Tinder-Experiment von Nadia Kailouli: Die App, die Singles zu schlechteren Menschen macht - WELT (2024)

Anzeige

Am Ende säßen sich dann aber doch nur zwei Menschen gegenüber und müssten miteinander reden. Dabei habe Tinder doch versprochen, den Leuten das Mühsame beim Kennenlernen abzunehmen, sagt Nadia nach dem Date mit Joachim. Joachim, der Filmregisseur. Ihr erster Tinder-Kontakt, das „perfekte Begrüßungsgeschenk“ der App. Der Mann, der am gleichen Tag wie sie Geburtstag, aber im Gesicht zu viele Haare hat. Der Einzige, der nach einer Woche extremen Displaywischens und exzessivem Daten bei ihr hängen bleibt.

Anzeige

„7 Tage unter Singles“ heißt die Folge der NDR-Dokureihe, in der sich Autorin Nadia Kailouli auf digitalen Männerfang begibt. Seit zwei Jahren sei sie Single und nun auf der Suche nach etwas Festem.

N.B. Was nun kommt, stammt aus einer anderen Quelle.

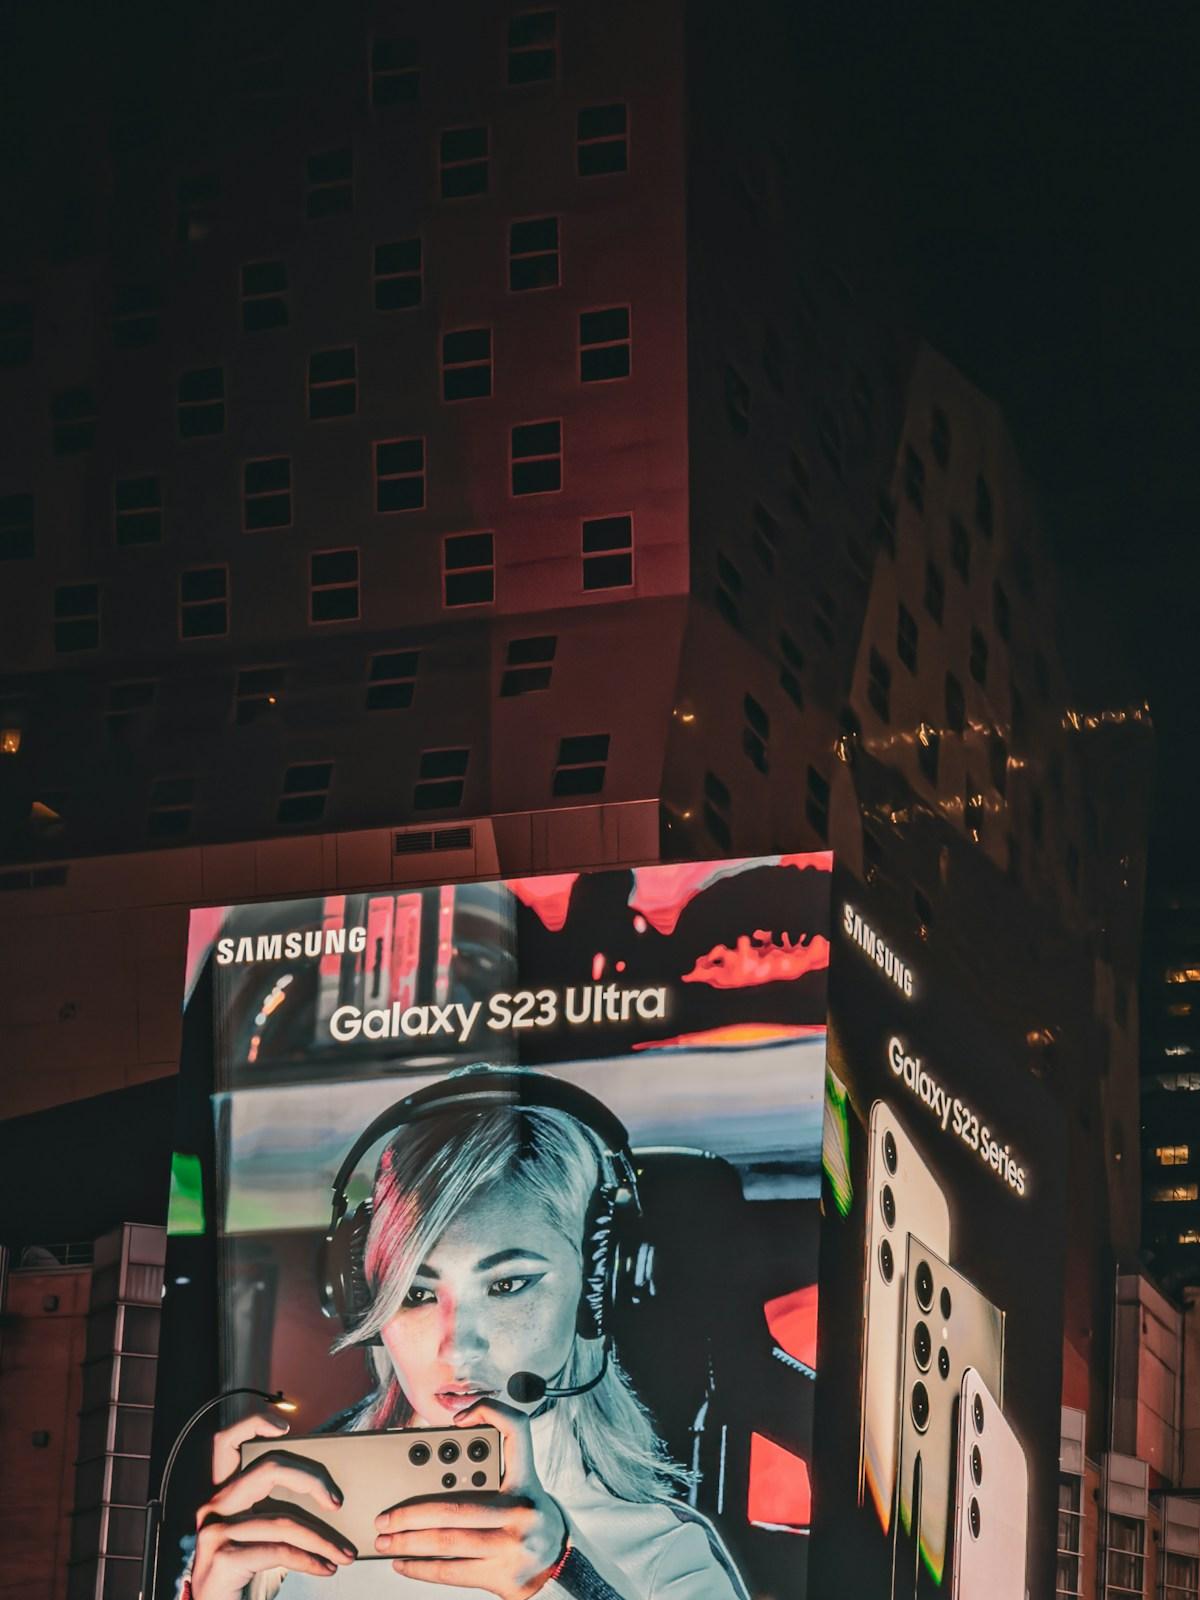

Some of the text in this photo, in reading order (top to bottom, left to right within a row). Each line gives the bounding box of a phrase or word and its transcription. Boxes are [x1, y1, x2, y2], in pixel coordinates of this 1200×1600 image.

Sie sei des ständigen Männer-Kennenlernens müde, des ständigen Mal-Schauens, was sich daraus ergibt. Sie will einen Mann fürs Leben. Einen, der die Küche liebt und Partys scheut. Tinder werde weltweit jeden Tag etwa 20.000 Mal heruntergeladen, habe inzwischen etwa acht Milliarden Matches produziert. Ihre Umgebung, so Kailouli, quille über vor Singles. In einem Suchradius von 80 Kilometern in und um Hamburg müsse doch etwas Passendes zu finden sein.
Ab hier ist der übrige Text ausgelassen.